_Assignment_: Return only the lines of the data below from the line with "this 1344×1512 image." up to and including the line with "this 1280×1707 image.", exactly as written, with the pictures omitted.

Stored items from a collection

============

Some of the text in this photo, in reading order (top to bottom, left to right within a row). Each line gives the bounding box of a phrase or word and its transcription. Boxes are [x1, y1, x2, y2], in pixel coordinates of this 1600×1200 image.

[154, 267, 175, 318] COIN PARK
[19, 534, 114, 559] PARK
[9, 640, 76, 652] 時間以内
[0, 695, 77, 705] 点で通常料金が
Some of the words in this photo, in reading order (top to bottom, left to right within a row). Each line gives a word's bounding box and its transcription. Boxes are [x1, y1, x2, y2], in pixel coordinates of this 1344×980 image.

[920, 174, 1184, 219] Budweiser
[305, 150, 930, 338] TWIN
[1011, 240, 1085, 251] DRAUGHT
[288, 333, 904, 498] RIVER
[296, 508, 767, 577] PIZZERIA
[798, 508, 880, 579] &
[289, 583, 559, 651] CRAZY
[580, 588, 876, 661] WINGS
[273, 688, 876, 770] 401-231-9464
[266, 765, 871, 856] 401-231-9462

============

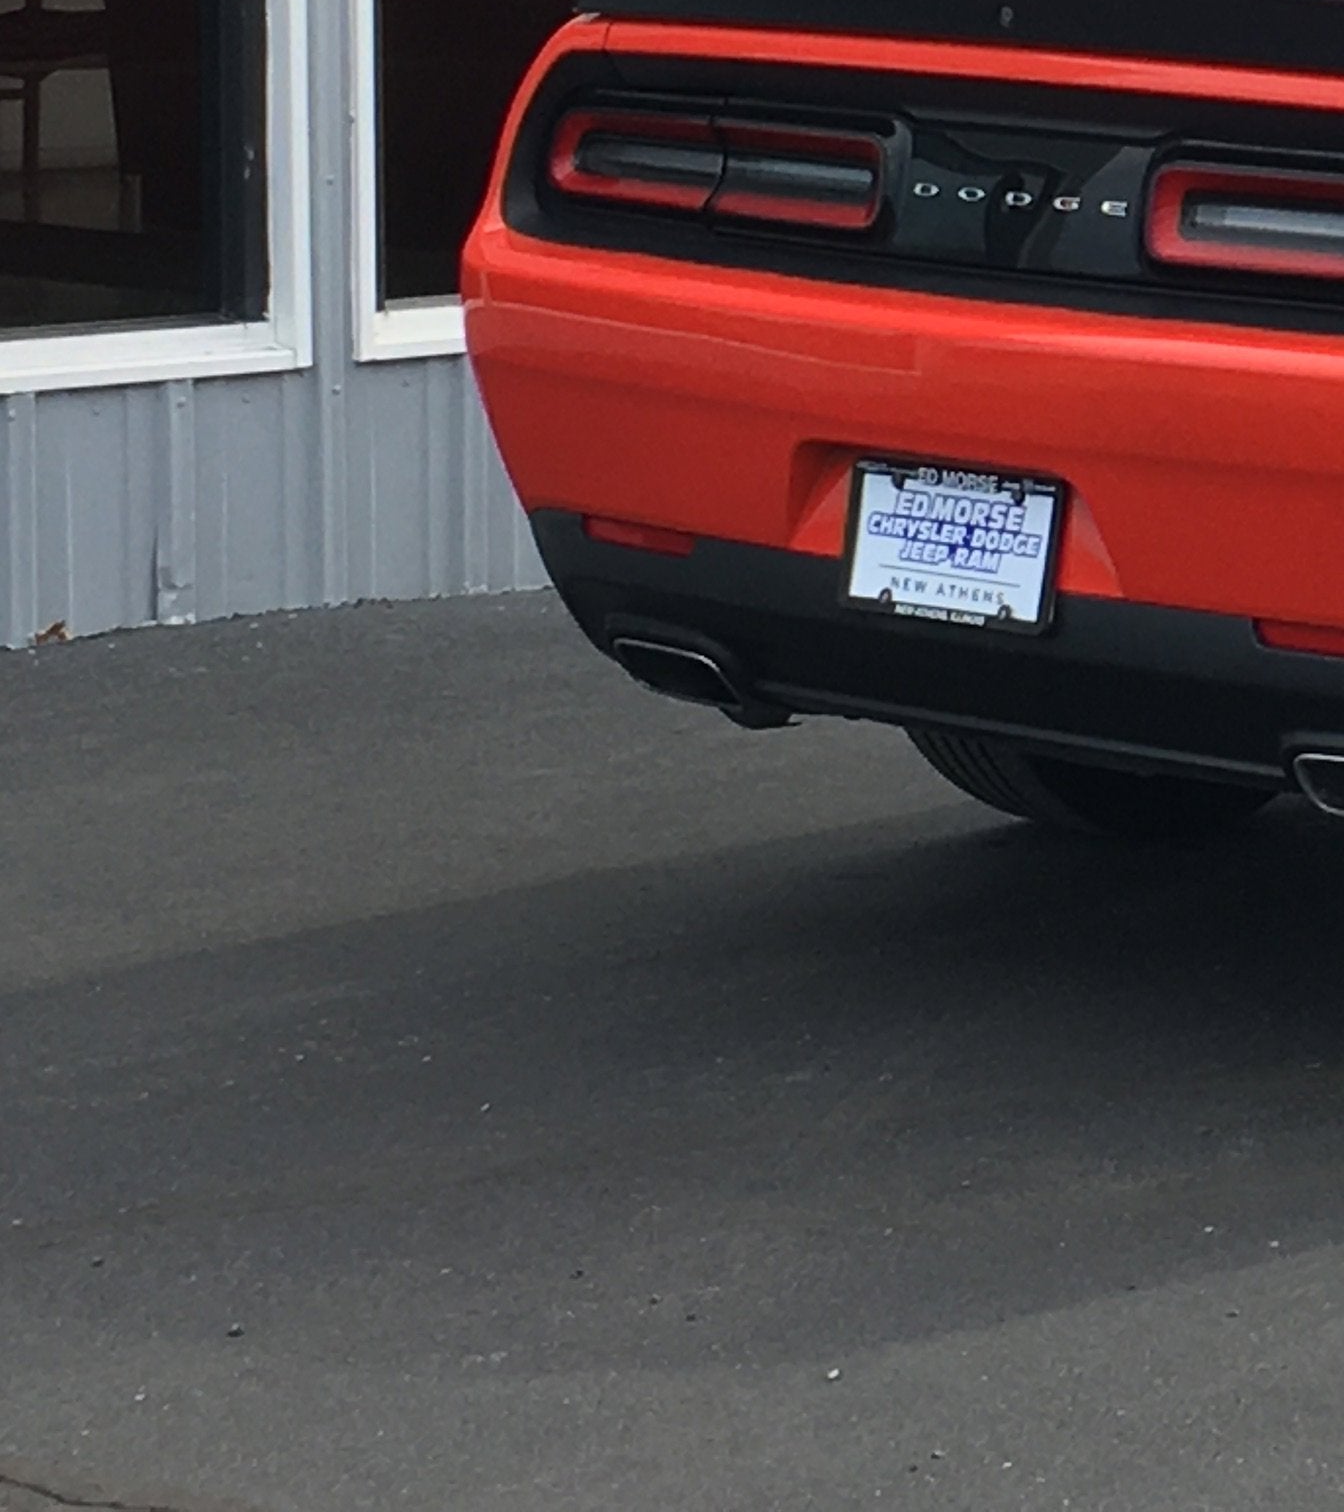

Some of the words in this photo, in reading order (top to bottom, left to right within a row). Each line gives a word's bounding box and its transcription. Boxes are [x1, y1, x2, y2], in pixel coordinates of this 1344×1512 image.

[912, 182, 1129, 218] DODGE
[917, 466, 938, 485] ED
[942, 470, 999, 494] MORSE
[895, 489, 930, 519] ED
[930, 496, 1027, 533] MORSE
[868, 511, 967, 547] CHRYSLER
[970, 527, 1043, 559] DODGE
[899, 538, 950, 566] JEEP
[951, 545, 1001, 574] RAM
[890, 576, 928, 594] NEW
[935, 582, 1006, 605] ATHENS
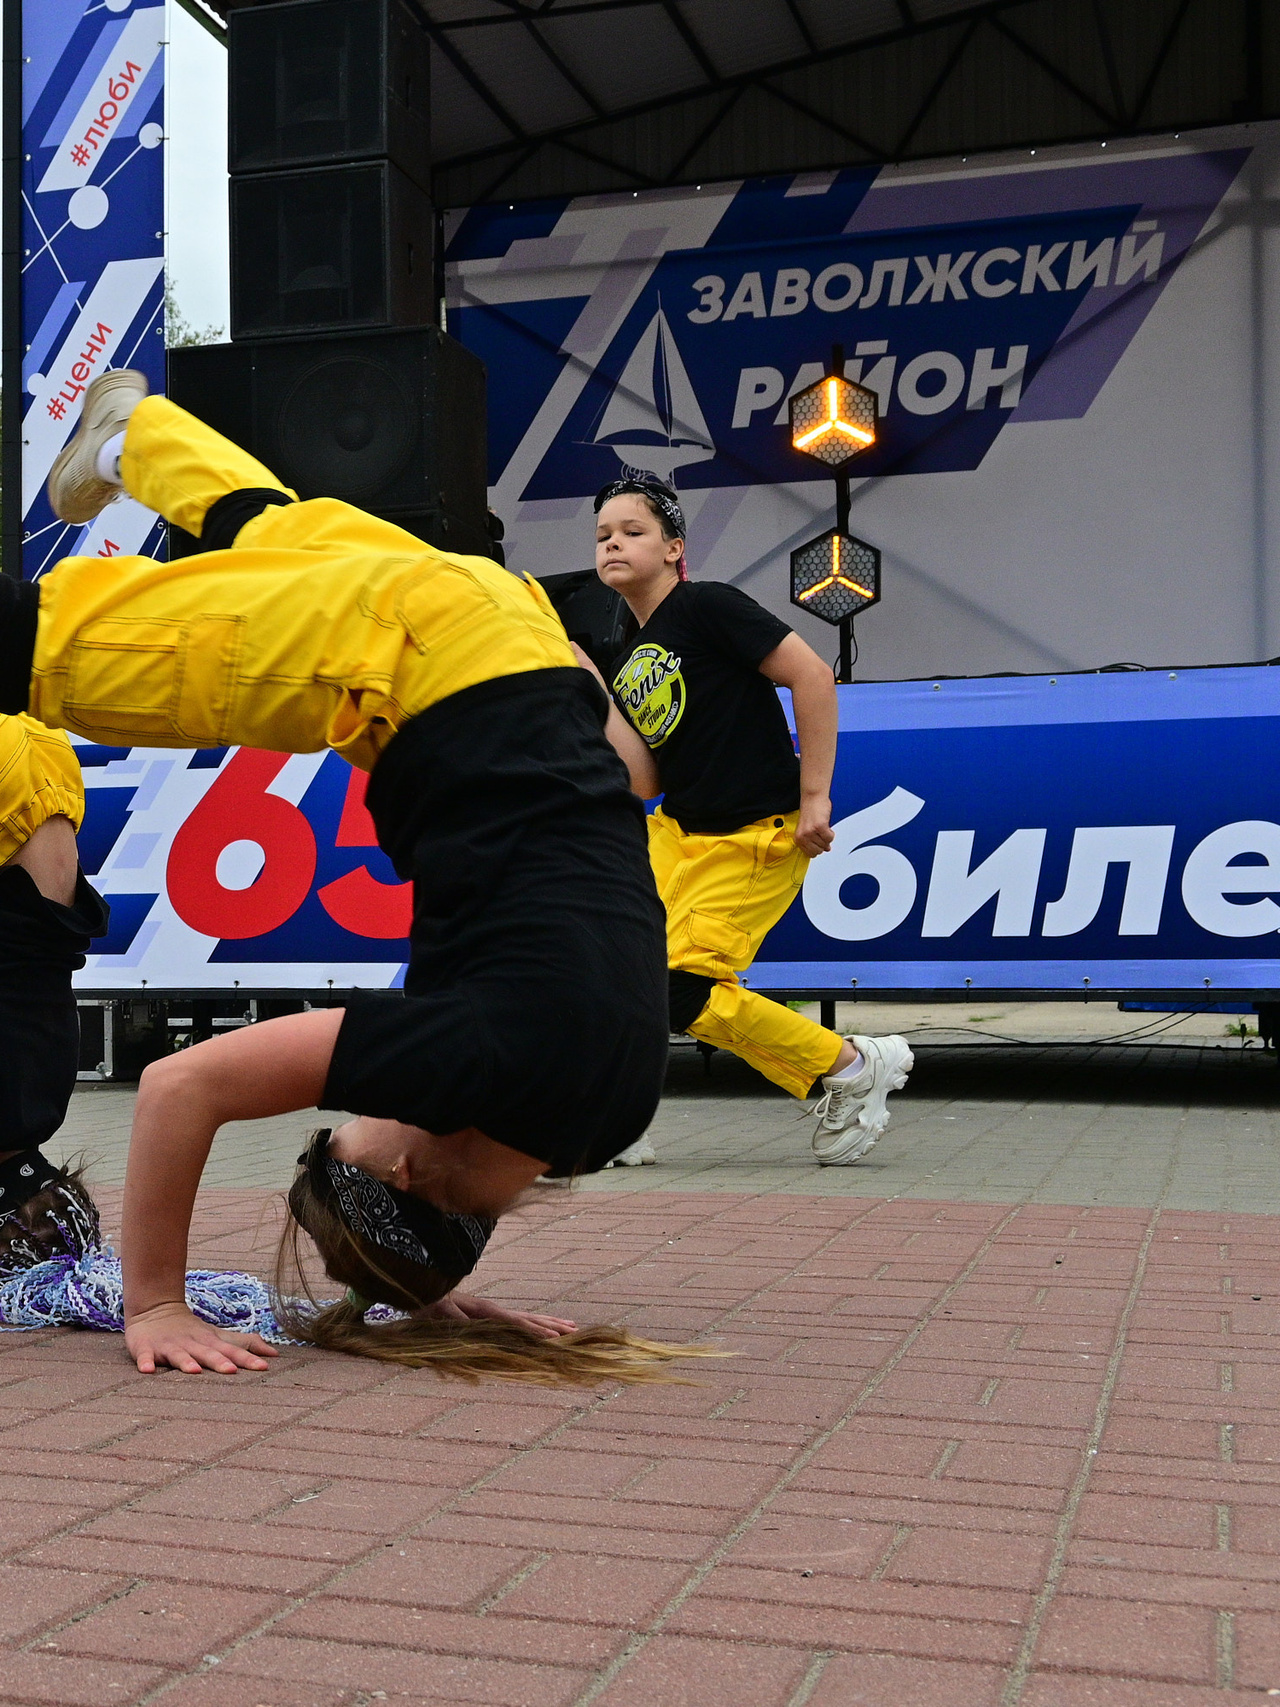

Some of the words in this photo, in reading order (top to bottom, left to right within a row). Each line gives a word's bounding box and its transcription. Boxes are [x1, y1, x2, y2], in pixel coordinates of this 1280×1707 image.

============

_Solution for this problem_:
Some of the words in this photo, in reading order (top to bottom, left to right within a row). Each line gives a word's bounding box and its transcription. Boxes are [x1, y1, x2, y2], in pixel coordinates of this 1344×1512 image.

[912, 182, 1129, 218] DODGE
[917, 466, 938, 485] ED
[942, 470, 999, 494] MORSE
[895, 489, 930, 519] ED
[930, 496, 1027, 533] MORSE
[868, 511, 967, 547] CHRYSLER
[970, 527, 1043, 559] DODGE
[899, 538, 950, 566] JEEP
[951, 545, 1001, 574] RAM
[890, 576, 928, 594] NEW
[935, 582, 1006, 605] ATHENS

Some of the words in this photo, in reading order (top to bottom, left to right within a row). Each line gives a word's bounding box and its transcription. Boxes are [x1, y1, x2, y2], in pixel coordinates of this 1280×1707 image.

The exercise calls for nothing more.